Ich habe gerade in Internet-Schreibwerkstätten eine Menge Texte gesehen, die totredigiert wurden, weil einfach nur jeder danach geschaut hat, worüber man stolpern könnte - aber niemand darauf geachtet hat, wie man formulieren muss, damit es nicht nur niemanden stört, sondern zumindest einigen wirklich gefällt. Und da ist es nicht hilfreich, wenn jedes Hängenbleiben am Text gleich ein automatisiertes Zuschlagen mit dem Rotstift auslöst und mit der Überzeugung einhergeht, dass dieses Hängenbleiben allein schon jedes weitere Abwägen ersetzt.

Feuertraum

Stilmittel...
Ich denke, Stilmittel sind so eine Sache für sich.
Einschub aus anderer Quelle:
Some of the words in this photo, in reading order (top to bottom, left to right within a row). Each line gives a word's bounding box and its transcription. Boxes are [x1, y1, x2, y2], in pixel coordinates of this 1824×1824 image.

Es gibt einige Stilmittel, die ich bevorzuge und einige, denen ich ausweiche, die ich vermeide, die mir ein Greuel sind (diese Dreierkombi ist übrigens eines, das ich knorke finde).
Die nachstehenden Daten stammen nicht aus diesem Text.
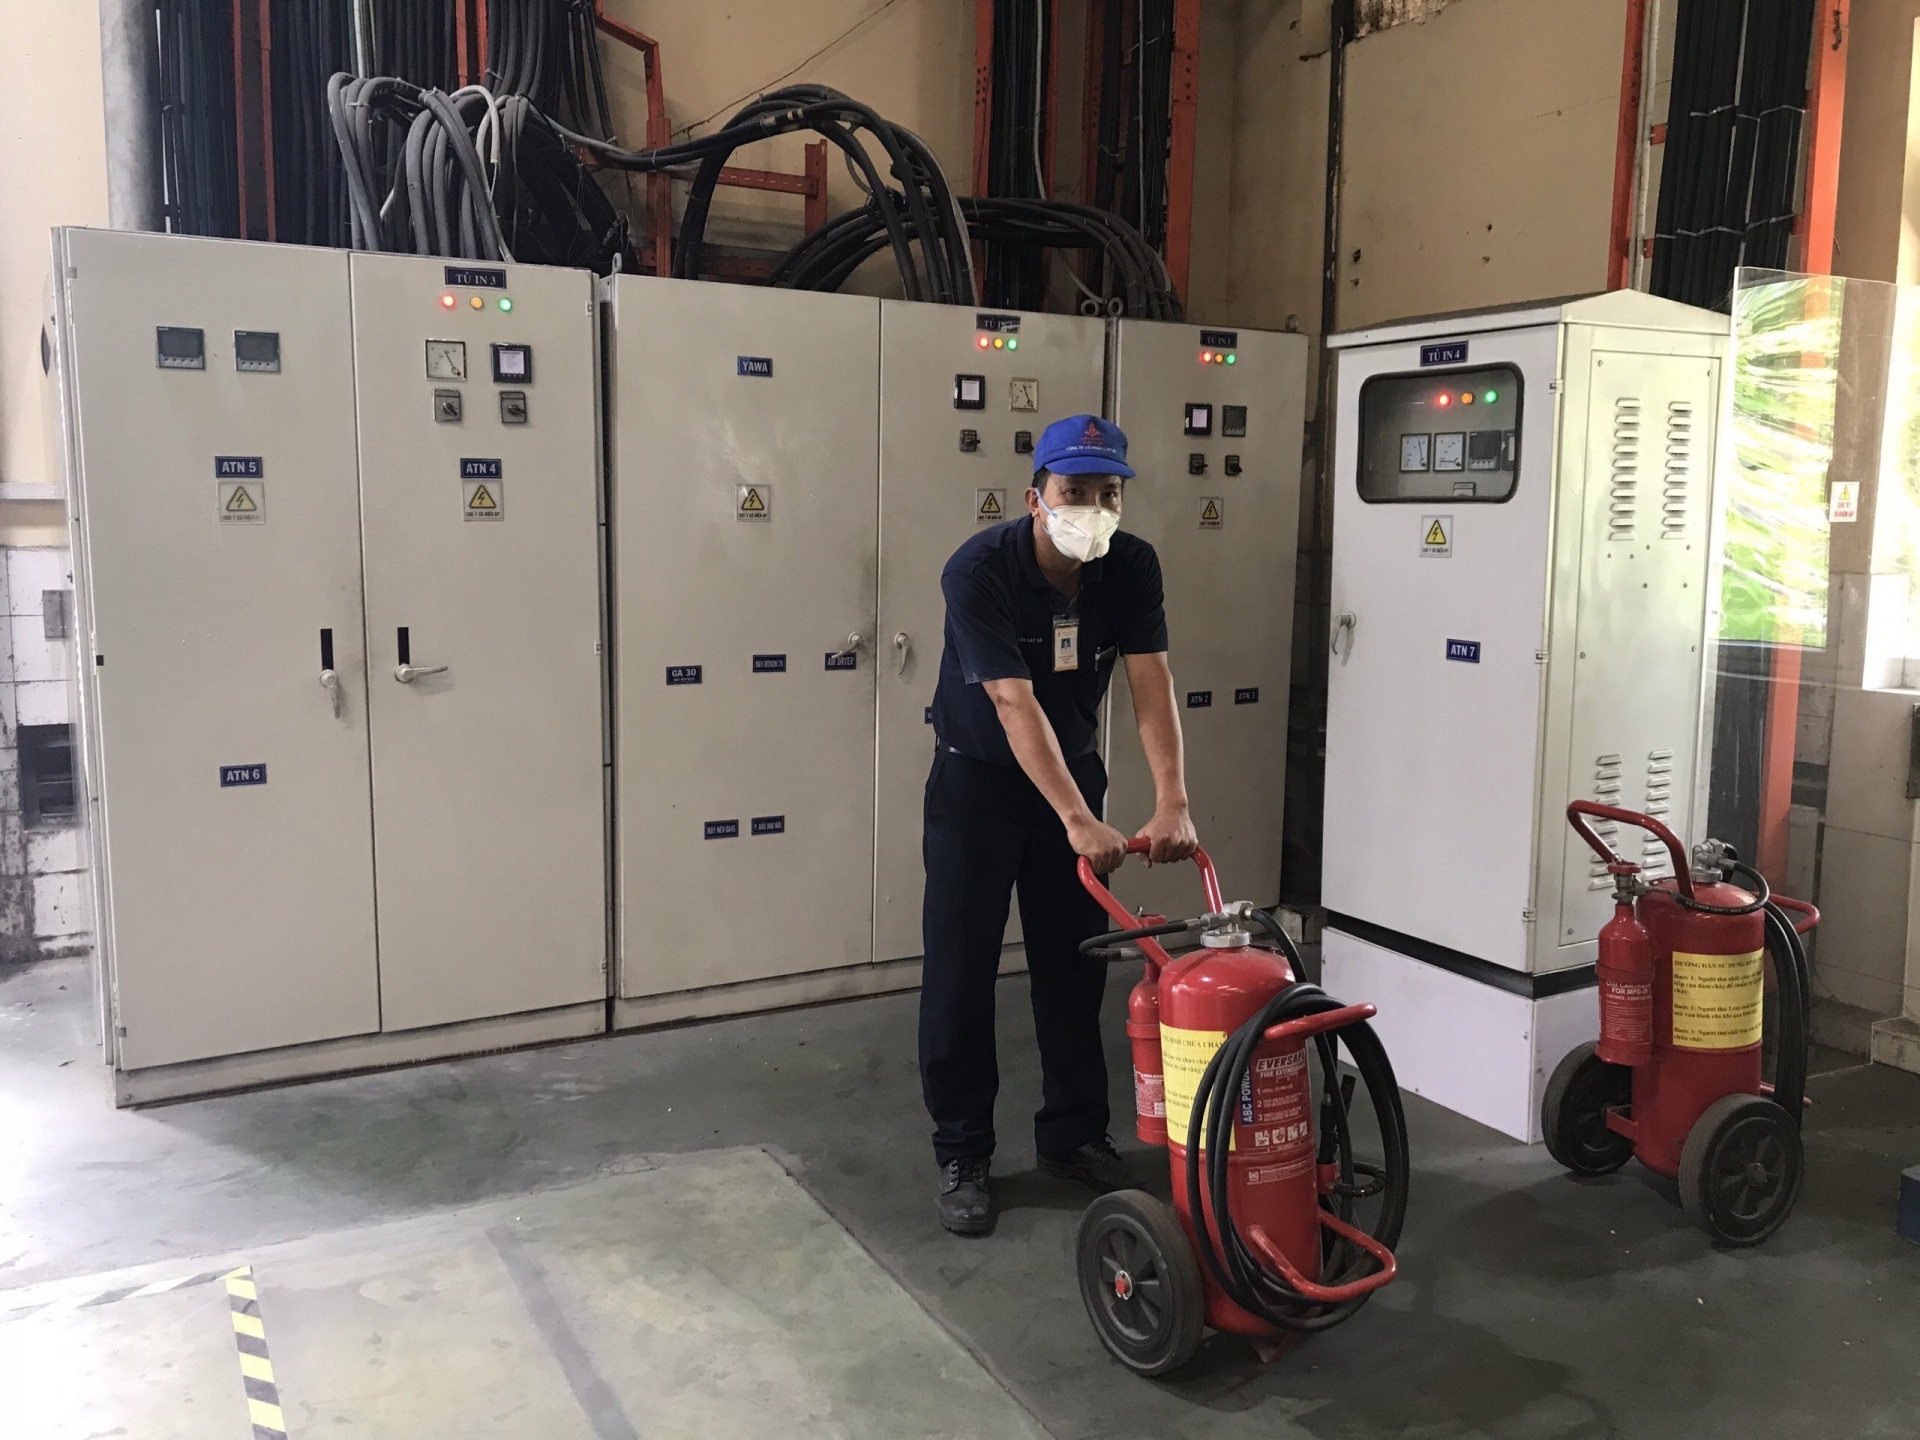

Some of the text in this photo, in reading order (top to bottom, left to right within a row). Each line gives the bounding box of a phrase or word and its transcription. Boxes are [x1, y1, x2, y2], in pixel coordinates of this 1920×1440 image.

[455, 271, 497, 286] TỦ IN 3
[1428, 348, 1460, 361] TỦ IN 4
[742, 361, 769, 373] YAWA
[221, 461, 257, 473] ATN 5
[465, 463, 497, 474] ATN 4
[1450, 644, 1476, 657] ATN 7
[671, 668, 697, 677] GA 30
[1190, 694, 1209, 704] ATN 2
[1238, 691, 1256, 700] ATN 3
[226, 768, 261, 782] ATN 6
[1611, 987, 1626, 995] FOR
[1257, 1100, 1263, 1108] 2
[1242, 1103, 1254, 1123] ABC
[1257, 1113, 1263, 1121] 3
Was mich aber nun irritiert: Ich lese einen Abschnitt und denke mir: "Also, ich würde diesen Satz anders formulieren, mehr/weniger ins Detail gehen, die Szene ein wenig anders beschreiben, das Wort kürzen oder durch jenes Wort ersetzen, um der Sprachmelodie gerecht zu werden (sorry, aber ich bin ein Fan der Sprachmelodie). Mich also der Satz, die Szene..."stört", weil sie so nicht mein Stil ist, sich aber 100 Leute nicht dran stören, ist mein Stil dann "falsch" ?
Ich persönlich denke eher nein.
Jeder Schreiberling hat seine Art des Erzählens. Okay, manche kopieren vielleicht andere Autoren, die sie sehr stark beeinflussen (ist mir bei manchen Anfängern aufgefallen, die aufgrund einer Serie angefangen haben zu schreiben). Andere hingegen haben ihren Stil gefunden und haben somit ihr "Markenzeichen".
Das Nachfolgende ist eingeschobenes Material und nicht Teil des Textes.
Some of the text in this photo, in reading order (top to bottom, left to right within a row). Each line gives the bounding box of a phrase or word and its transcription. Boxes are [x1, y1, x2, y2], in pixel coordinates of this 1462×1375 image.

Aber okay, ich bin auch ein wenig seltsam und nicht unbedingt Mainstream.

In diesem Sinne
LG

Feuertraum
Was hat eigentlich He-Man studiert, dass er einen Master of the universe hat?

Tenryu

Für mich ist und bleibt das einfach ein schlechter unzutreffender Ausdruck und nicht ein besonderes Stilmittel. Aber vielleicht kann man ja auch Rechtschreibfehler nur als ein Stilmittel betrachten, vermittels welchem uns der Autor die Unzulänglichkeiten der deutschen Grammatik vor Augen führen will...
Da ich den Autor nicht kenne, vermag ich das nicht zu beurteilen, aber ich halte gewöhnlich mich an die naheliegendste Erklärung, die in den meisten Fällen auch die zutreffende ist.

Lomax

Seufz. Meinetwegen, stellen wir die Diskussion vom Bauch auf den Kopf  ;)
Da einige Leute sich ja doch sehr am formalen und dem vermeintlichen "Fehler" festhalten, schiebe ich die formale Analyse des Beispiels hiermit noch nach. Denn natürlich hab ich bei meinen Einwänden auch nicht ganz ohne Bodenhaftung spekuliert. Und der gebotene Kontext reicht natürlich nicht aus, um endgültig zu entscheiden, ob der Satz so angemessen ist - aber für eine grobe, literaturwissenschaftliche Einschätzung, die über das "da stolper ich drüber" hinausgeht, reicht er allemal.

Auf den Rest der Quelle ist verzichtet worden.